Gonzalez will become the main target for Matt Ryan, but he will have to realize (as will the entire team) that Michael Turner's ground work is just as important to the offense, if not more. The good news for Tony here is that Roddy White truly emerged last season and will create plenty of space.

Of course, both will hope that Harry Douglas improves even more. That will keep defenses honest on every down.

Personally, I think the greatest thing about this move is that Tony allows the Falcons to finally run legitimate two-tight end sets. The former Chief complements incumbent Ben Harstock rather well; Gonzalez is a solid blocker but a better receiver, while Harstock has always specialized in setting others up with his blocking.

So there's one new look for the offense.

Further Development of White, Jenkins, and Douglas: Reaping the Receivers

Thank you, Roddy, for coming through. Hotlanta wasn't sure you were going to live up to your first-round pick status, but with your kickass, Pro Bowl, record-breaking 2008, you made us all eat our words.

Now, pass along the secret to success to Michael and Harry.

That's not to say Jenkins and Douglas were total slouches last year; the 50 receptions of the former and three TD (one receiving, one rushing, and one returning) of the latter were much appreciated. But I for one long for greater balance.

Had you said last year that we were going to run a three-wide set, I would have told you we must be in a pretty desperate situation. It's not that I don't trust these guys; it's just that the run game was always the focus, and though Ryan performed beyond his years in pressure situations, we did lose all five games in which he had to throw 30 or more times.

In 2009, I want to have more confidence when the team fills the field with receivers, and I think the coaches want this too; for this reason, I expect to see them run more three-plus receiver sets to help build up experience. Having multiple deep threats is just the next logical step, seeing as how the team picked up their over-the-top target in Gonzalez.

Plus, being able to put that many receivers on at once would add another look to the O.
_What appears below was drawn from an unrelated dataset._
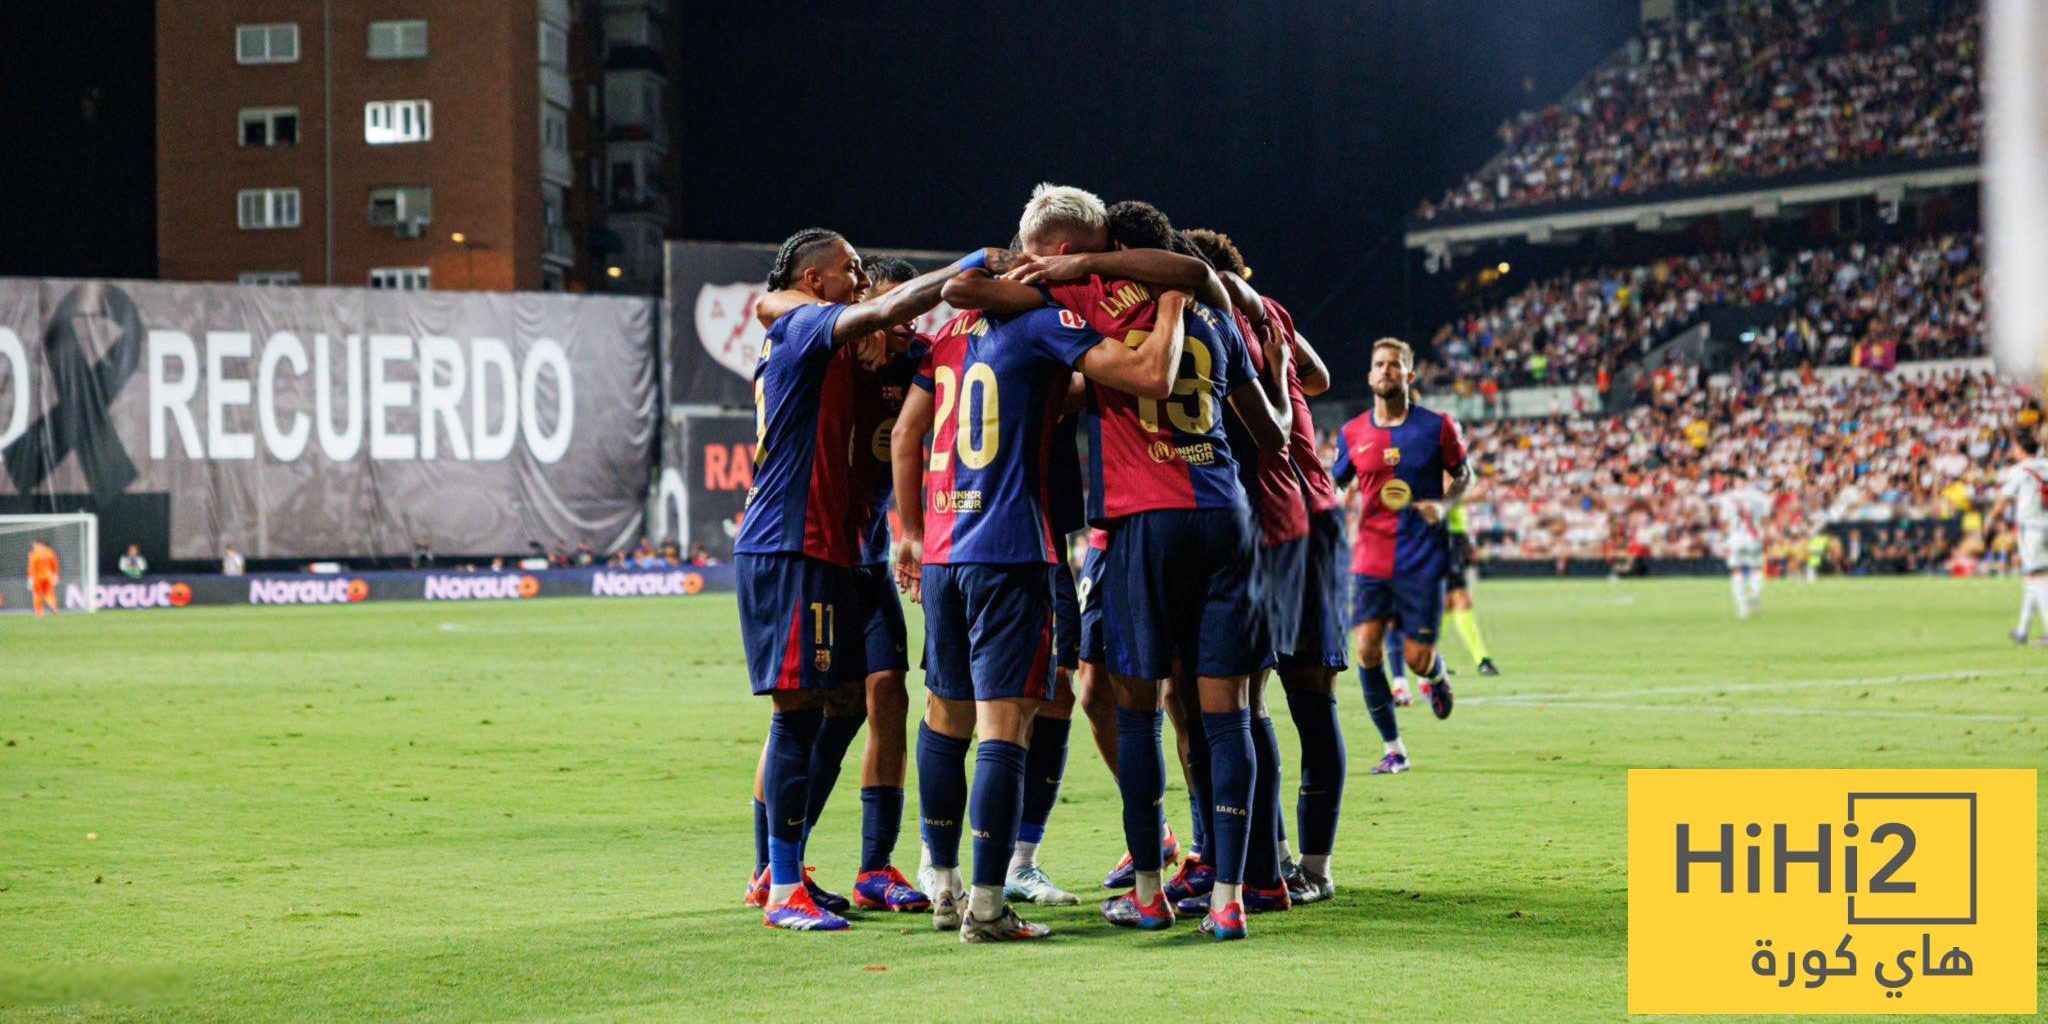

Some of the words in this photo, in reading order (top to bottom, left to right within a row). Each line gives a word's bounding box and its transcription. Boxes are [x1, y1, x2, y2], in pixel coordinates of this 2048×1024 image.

Substituting Mike Peterson for Brooking and Boley: Adjustments for All

If you really want to rain on my Falcons parade, you can always mention to me the losses of linebackers Keith Brooking and Michael Boley. Those two were of high quality and had repped the team for some time.

But even if you manage to depress me for a moment, I'll probably soon bounce back when I remember our pickup of Peterson. No, I'm not deluded enough to believe that one man will replace two, but getting excited about acquiring the leader of a tough Jacksonville D isn't hard to do.
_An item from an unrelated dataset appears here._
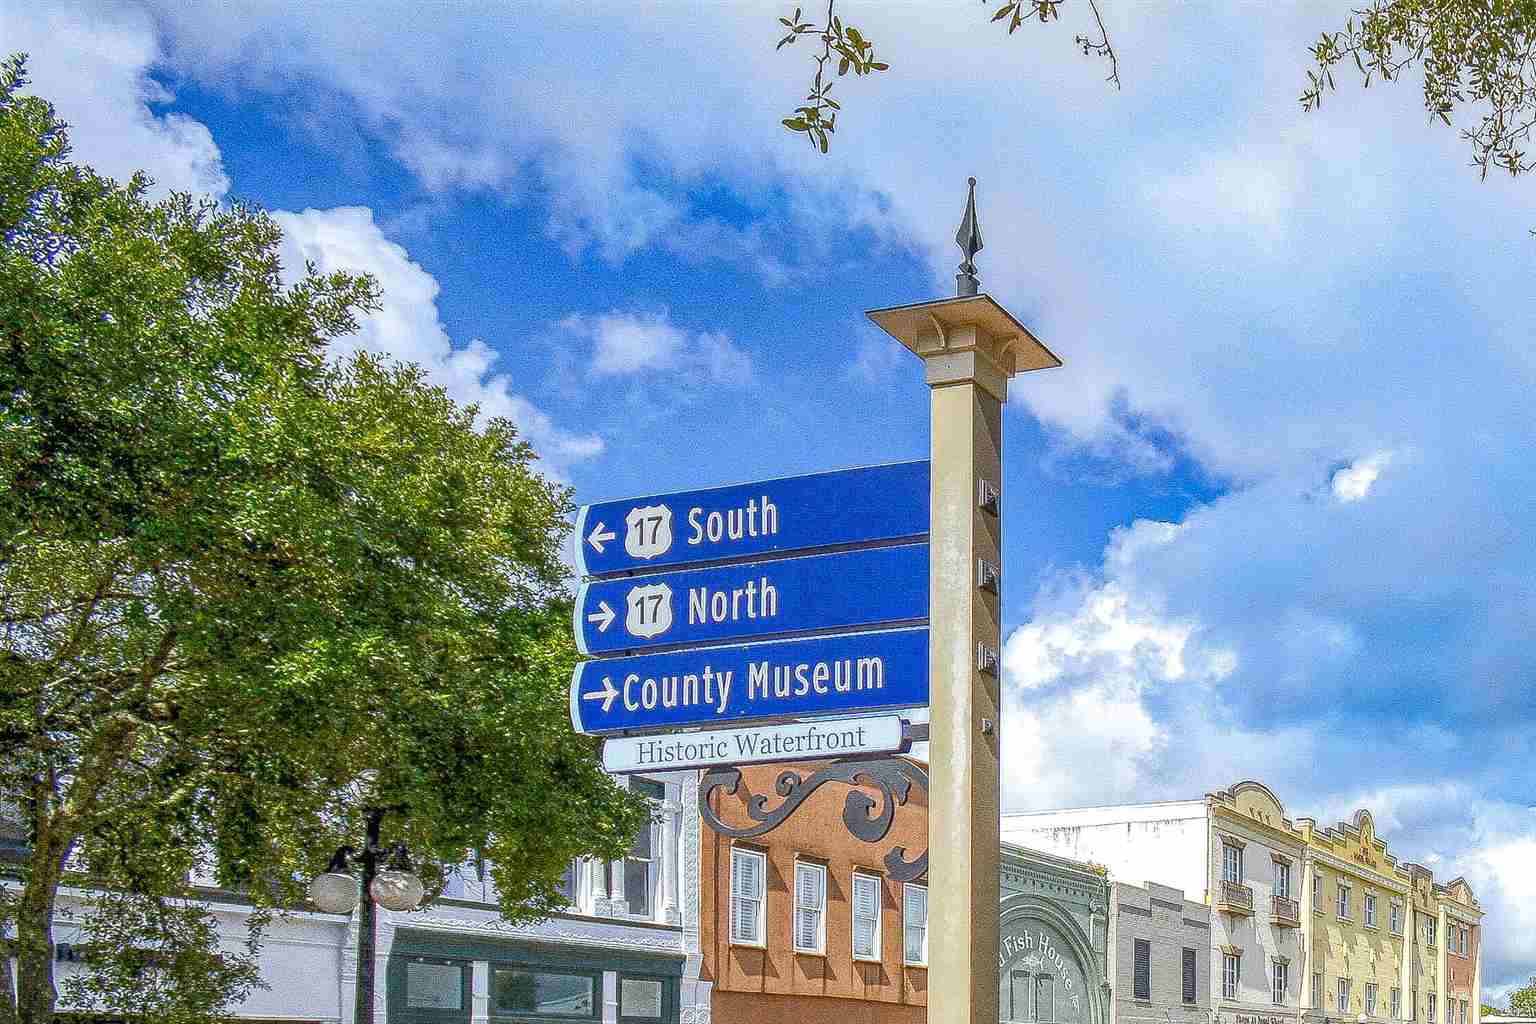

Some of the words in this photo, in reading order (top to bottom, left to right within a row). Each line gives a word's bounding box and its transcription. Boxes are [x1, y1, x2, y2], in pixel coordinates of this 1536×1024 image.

His 84 total tackles falls between Brooking's 102 and Boley's 70 from last season, but his sack count was infinitely higher than both of the ex-Birds' combined.
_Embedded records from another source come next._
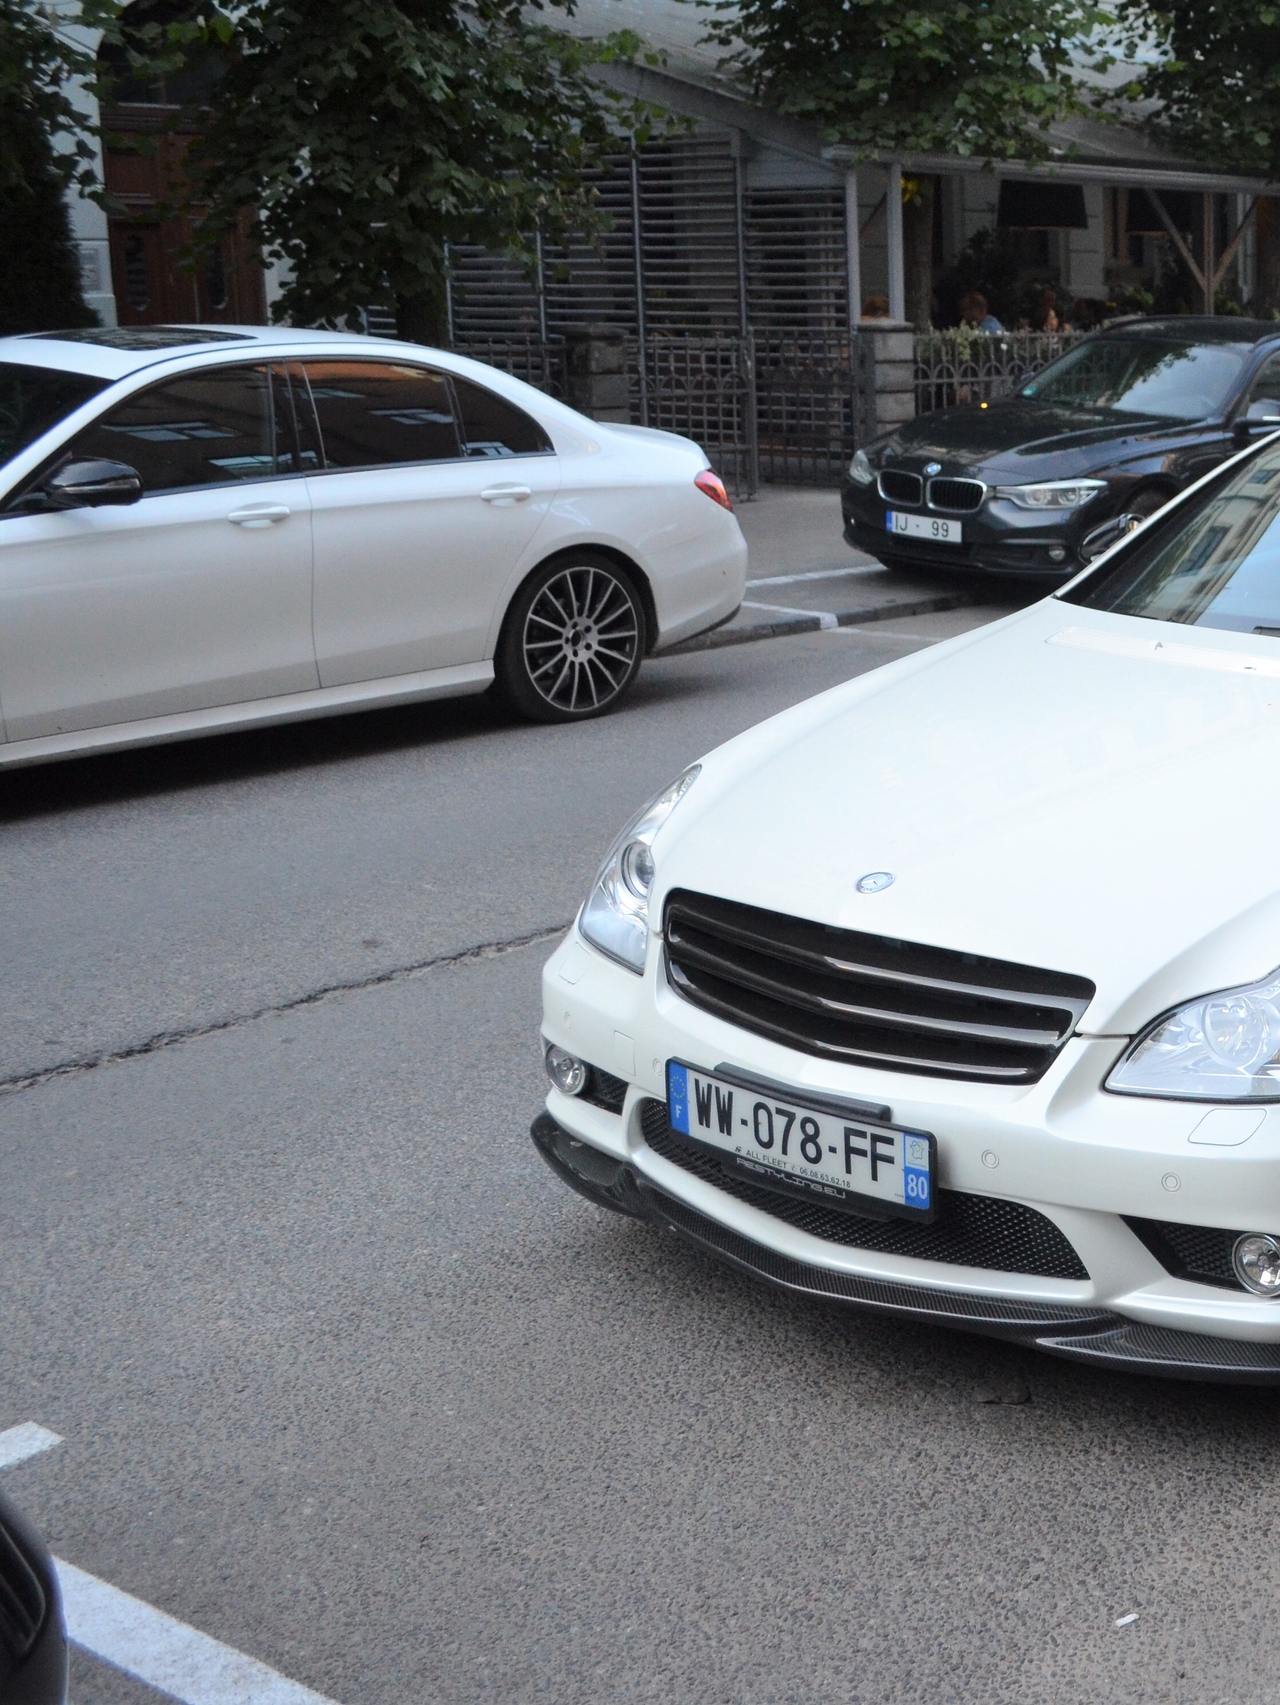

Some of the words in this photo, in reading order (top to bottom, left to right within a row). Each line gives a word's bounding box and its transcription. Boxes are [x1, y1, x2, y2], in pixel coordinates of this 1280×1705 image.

[675, 1104, 682, 1118] F
[694, 1078, 895, 1182] WW-078-FF
[746, 1149, 762, 1161] ALL
[763, 1155, 787, 1170] FLEET
[799, 1167, 851, 1188] 06.08.63.62.18
[907, 1173, 928, 1200] 80
OK, so he got one to their goose eggs, but that stat illuminates the point I really want to make: Peterson plays the 'backer position a different way than both of the departures, and his unique methods fit our overall scheme well, perhaps even better than Brooking's and Boley's styles.

Mike is aggressive as hell, and he could therefore perhaps make a decent end with greater size. He plays the midfield and line tougher than the old fellas, and that's not saying they're soft.

I'm simply trying to explain that Peterson will stuff your runners and create havoc at close to the line before he'll drop into coverage.

Yes, that will shift greater pressure to the other linebackers and the secondary in passing situations, but they're ready for it. Do I need to remind you that Erik Coleman led the team in solo tackles last season, that Chris Houston made major strides, and that one of the other projected Falcons linebackers, Coy Wire, is himself a former defensive back?

That's what makes Peterson a good match for the Falcons D: He shifts the responsibilities, but he allows each individual to play to his strengths.

Other teams will be better prepared for Atlanta this season; the Birds will not benefit from being underestimated in 2009 the way they did in '08. And, yes, the schedule difficulty has dramatically increased.

But leave it to me to find the silver lining—I see the Birds making these changes and getting better for it.